CYNRIC, with no entry under the number 2. However, CREODA occurs in Asser
of St David's *de Aelfredi rebus gestis* on p. 43 of the translation by J A
Giles, 1848, and on p 67 of the translation by Simon Keynes and Michael
Lapidge, 1983.
On the other hand, in the Giles translation on p 44, in the paragraph after
the one in which CREODA occurs, there is a reference to CYNRIC [= CENRIC,
sometimes] as the son of CERDIC: " ..... Stuf and Whitgar, two brothers
and counts ..... [got the Isle of Wight] ..... from their uncle, king
Cerdic, and his son Cynric, their cousin." Note that as far as Asser's
genealogy is concerned, CREODA and CYNRIC might have been brothers, both
sons of CERDIC.
The note by Keynes and Lapidge on Asser's genealogy for Alfred reads, in
part: "This genealogy is to be understood largely as a product of royal
ideology: it traces Alfred's ancestry through the heroes of the West Saxon
past to the pagan god Woden and beyond, and is given Christian
respectability by the claim of ultimate descent from Adam himself. It is
based on the genealogy of Aethelwulf in ASC s.a. 855 [= Anglo-Saxon
Chronicle sub anno 855], but Asser seems either to have used a version that
was significantly different from the versions in the manuscripts of the
*Chronicle* that have survived, or to have made his own modifications to
the version in front of him in the light of other information."

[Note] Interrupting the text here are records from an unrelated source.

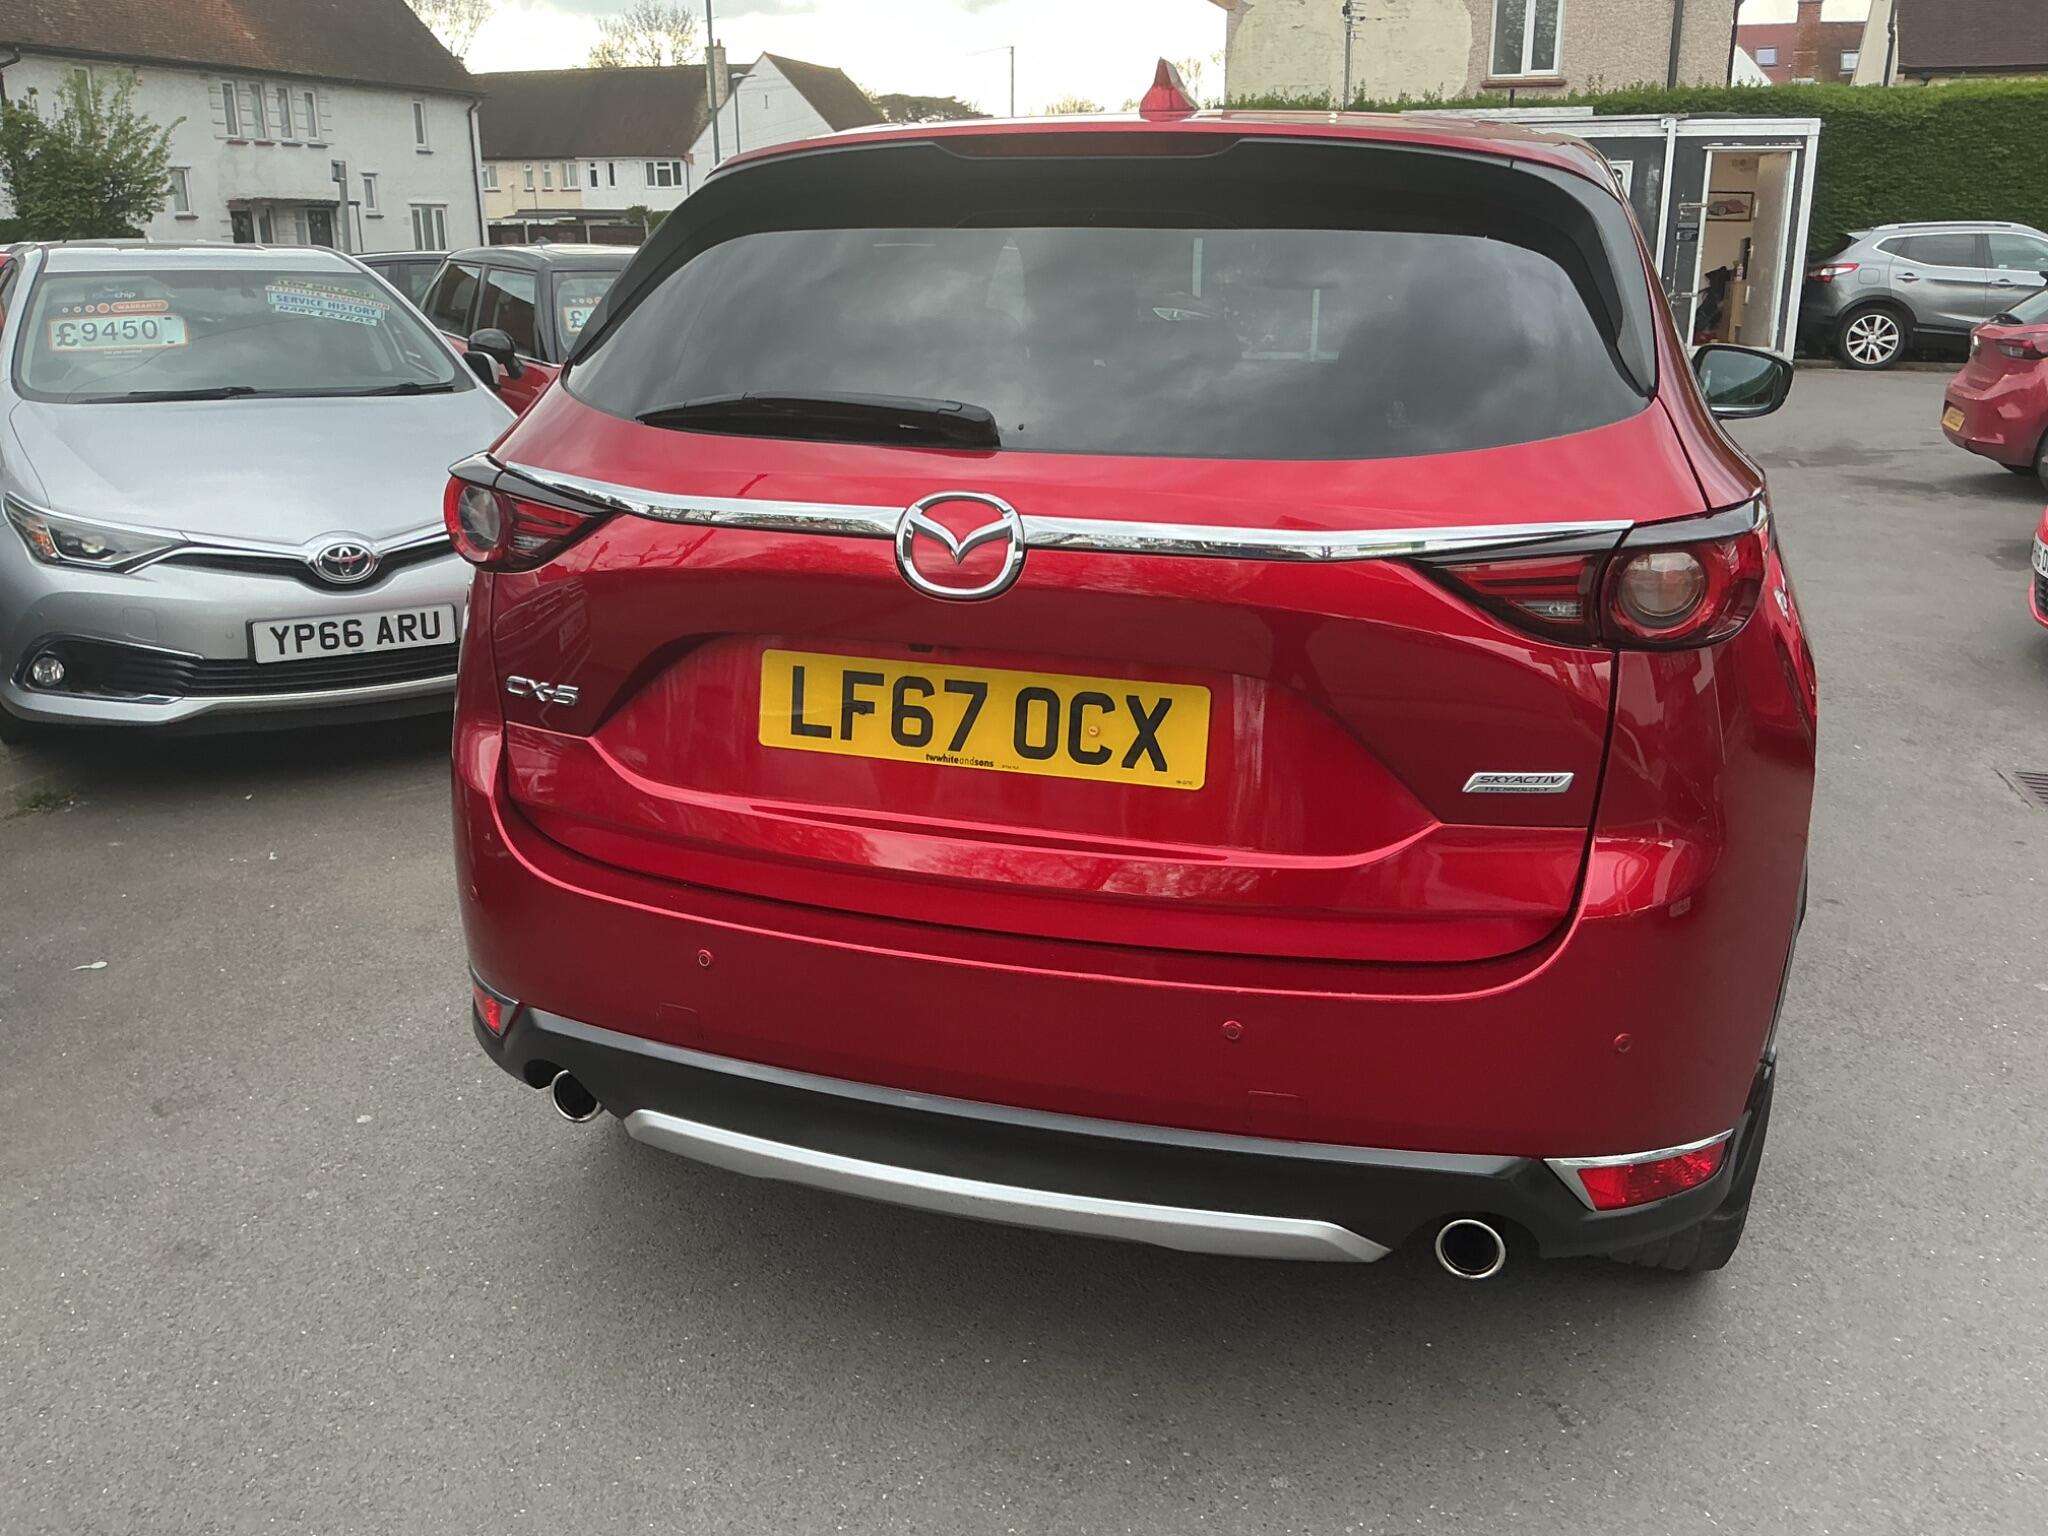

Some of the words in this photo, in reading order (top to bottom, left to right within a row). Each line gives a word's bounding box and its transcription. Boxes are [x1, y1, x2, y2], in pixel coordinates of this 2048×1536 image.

[117, 302, 162, 310] WARRANTY
[276, 294, 321, 306] SERVICE
[328, 302, 377, 316] HISTORY
[56, 320, 159, 347] £9450
[269, 619, 364, 655] YP66
[376, 611, 441, 645] ARU
[506, 675, 579, 705] CX-5
[790, 665, 989, 752] LF67
[1012, 686, 1174, 772] OCX
[1479, 775, 1563, 784] SKYACTIV
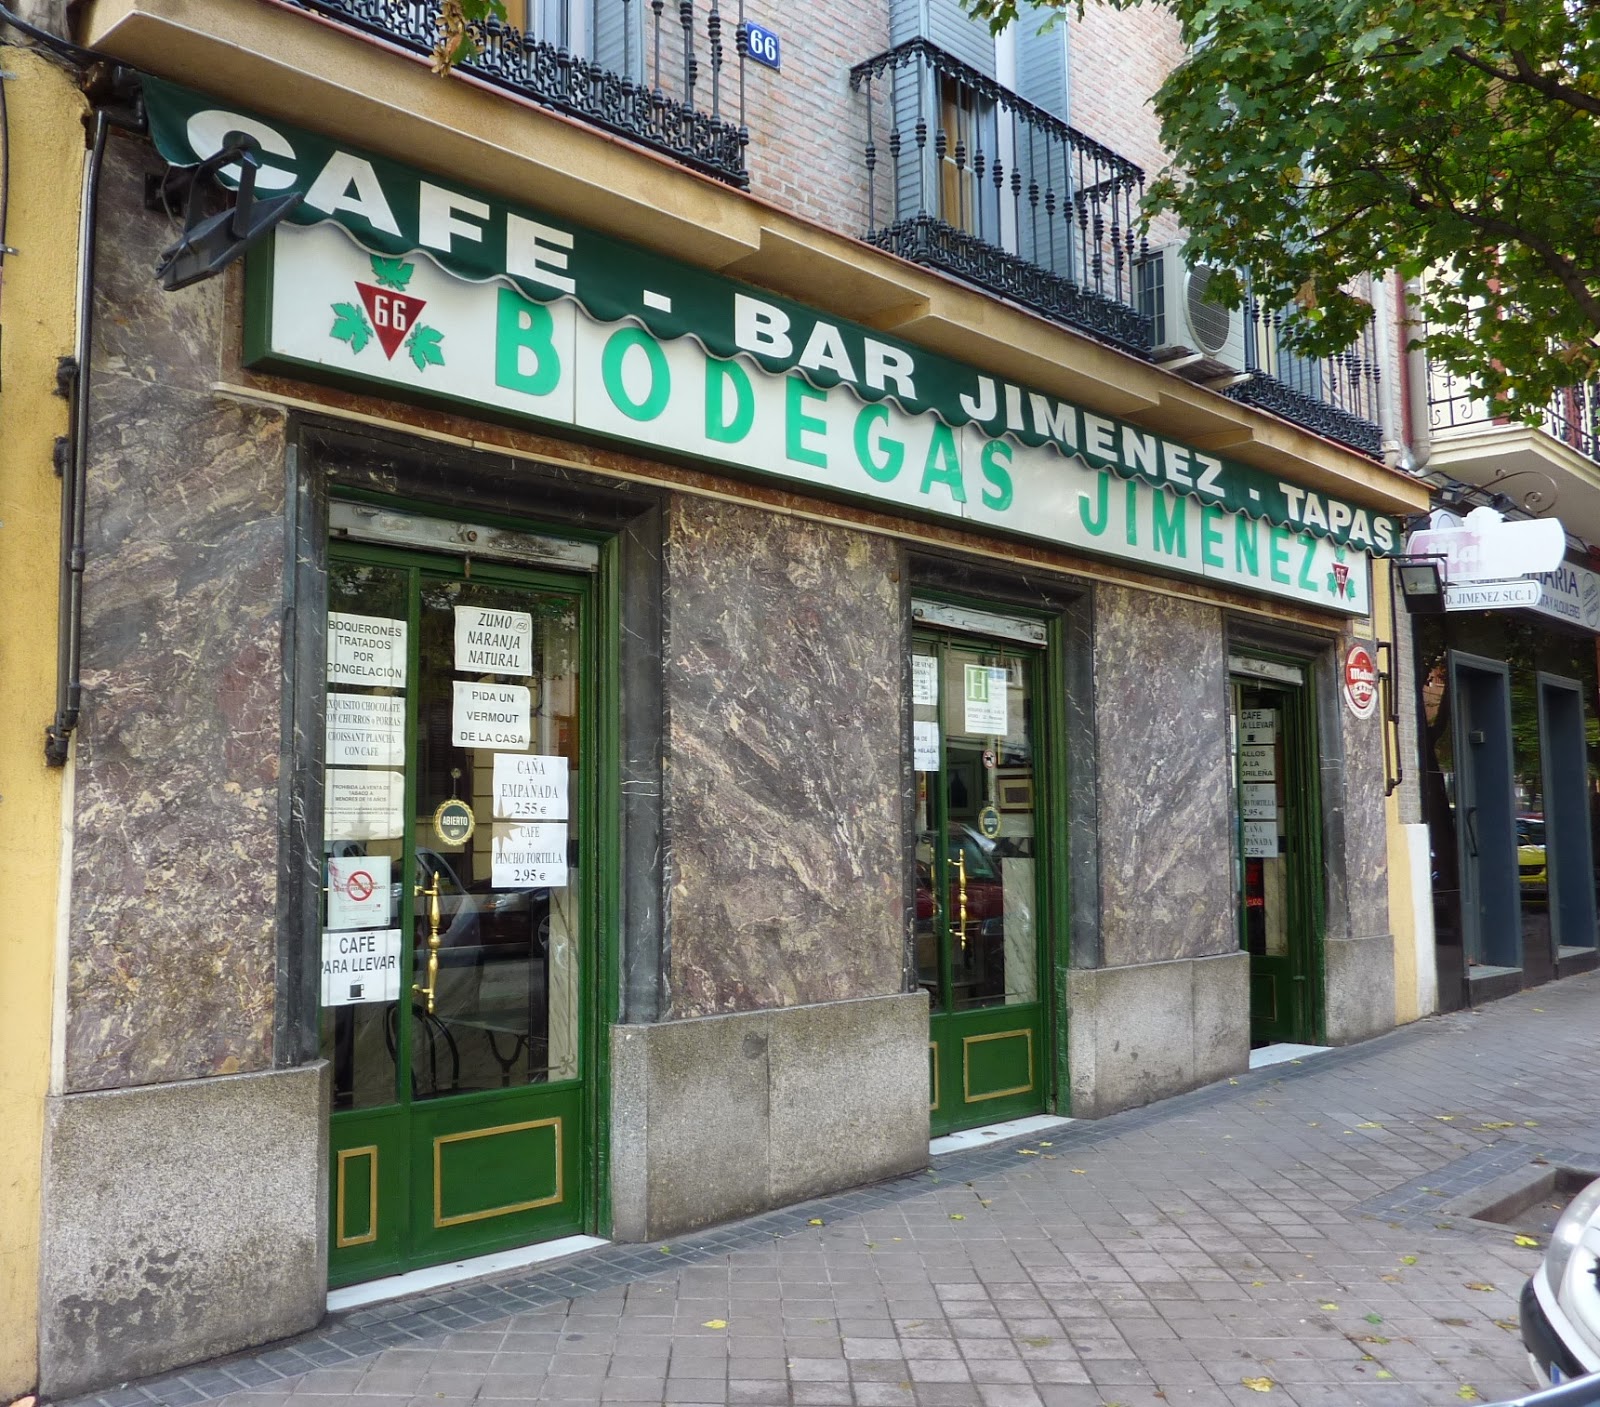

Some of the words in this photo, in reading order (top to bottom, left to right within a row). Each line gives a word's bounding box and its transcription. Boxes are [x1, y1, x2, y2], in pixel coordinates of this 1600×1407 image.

[750, 29, 776, 61] 66
[374, 295, 408, 331] 66
[187, 109, 576, 294] CAFE
[734, 292, 918, 401] BAR
[959, 375, 1226, 498] JIMENEZ
[1279, 482, 1394, 552] TAPAS
[495, 287, 1013, 512] BODEGAS
[1078, 471, 1319, 592] JIMENEZ
[1457, 591, 1499, 605] JIMENEZ
[1503, 589, 1524, 601] SUC.
[477, 612, 513, 629] ZUMO
[328, 620, 402, 637] BOQUERONES
[338, 635, 391, 650] TRATADOS
[467, 630, 520, 651] NARANJA
[353, 651, 374, 662] POR
[468, 650, 520, 668] NATURAL
[472, 690, 496, 702] PIDA
[499, 693, 514, 703] UN
[327, 699, 360, 711] XQUISITO
[361, 701, 401, 713] CHOCOLATE
[326, 713, 336, 722] ON
[338, 714, 370, 724] CHURROS
[375, 716, 401, 727] PORRAS
[466, 711, 519, 723] VERMOUT
[1249, 721, 1274, 729] LLEVAR
[328, 731, 365, 743] CROISSANT
[366, 733, 396, 744] PLANCHA
[460, 731, 475, 741] DE
[479, 732, 492, 742] LA
[495, 733, 524, 744] CASA
[344, 746, 360, 756] CON
[517, 757, 545, 775] CAÑA
[501, 784, 559, 799] EMPANADA
[442, 816, 468, 826] ABIERTO
[520, 826, 540, 838] CAFE
[495, 852, 525, 864] PINCHO
[527, 852, 563, 864] TORTILLA
[352, 955, 395, 972] LLEVAR
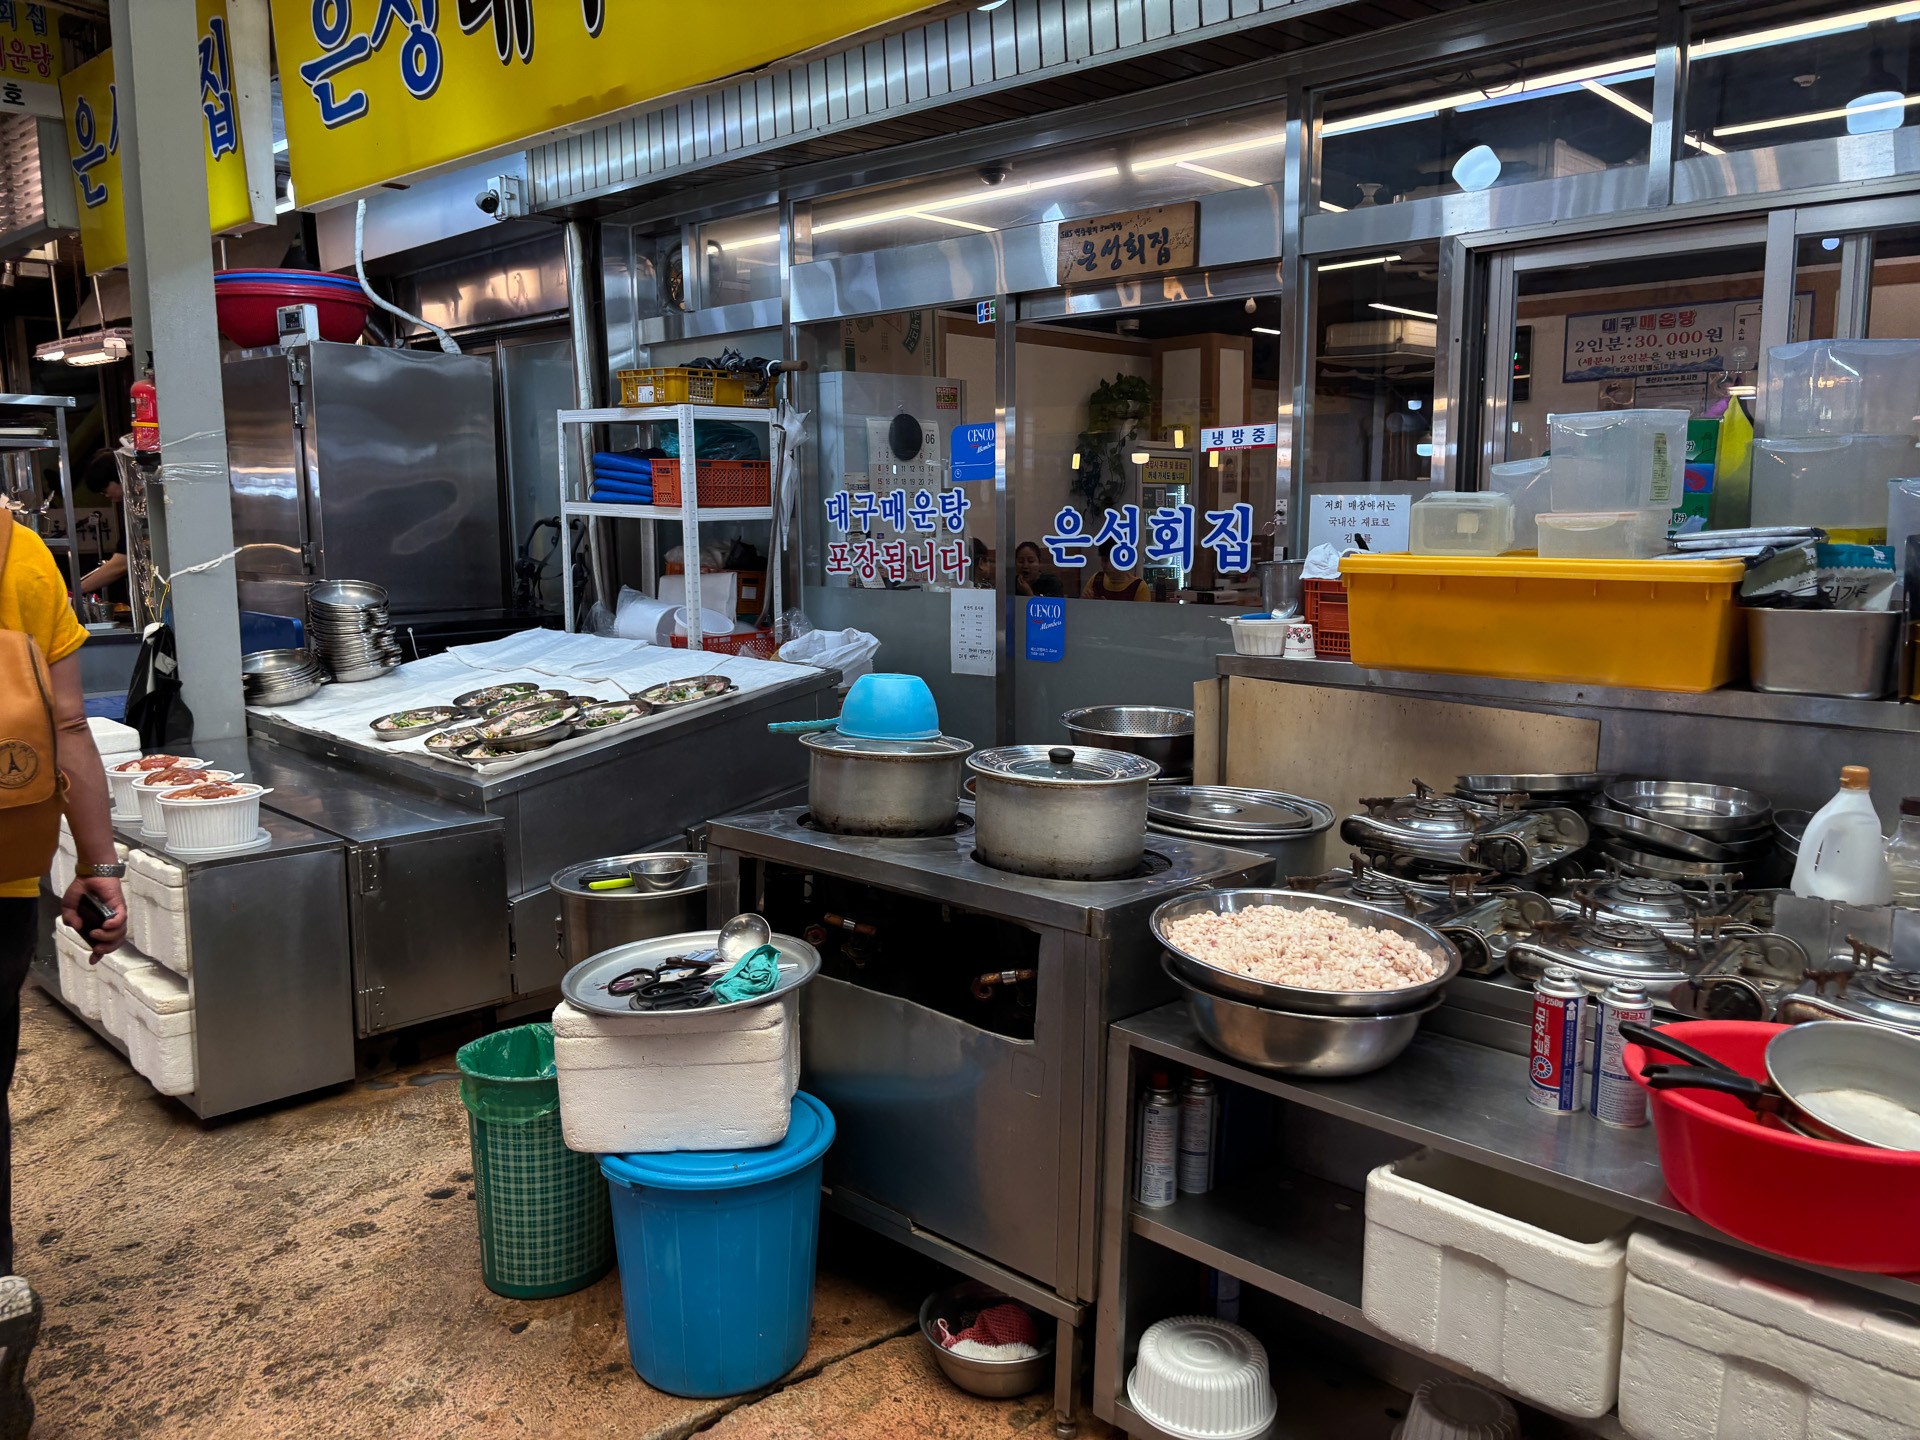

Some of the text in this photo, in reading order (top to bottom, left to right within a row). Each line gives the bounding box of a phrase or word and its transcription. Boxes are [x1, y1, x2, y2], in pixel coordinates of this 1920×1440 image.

Cf. F. M. Stenton, *Anglo-Saxon England*, 3rd edn, 1971, p 22: "He [the
compiler of certain annals] describes Cynric as the son of Cerdic, and
associates Cerdic with Cynric in entry after entry in defiance of the
statement of the West Saxon genealogy that Cynric was the son, not of
Cerdic, but of Cerdic's son Creoda." Also, p. 31: "The memory of Creoda,
Cerdic's son, was only preserved in an alliterative genealogy ..... ", and
p. 19: "The stages between Woden and the historic kings of Wessex form a
poem composed according to strict rules of alliteration for the pleasure of
some West Saxon king of the heathen time."
CREODA is also omitted in Ethelwerd's Chronicle -- see note under
ETHELWULF.
CREODA is not mentioned as ruling by William of Malmesbury in *Chronicle of
the Kings of England* in the excerpt I have under CERDIC. However, this
author has CREODING between CYNRIC and CERDIC in a later genealogy,
suggesting that CREODA was taken by Malmesbury to be a son of CERDIC and
father of CYNRIC, but that CREODA did not rule, according to Malmesbury.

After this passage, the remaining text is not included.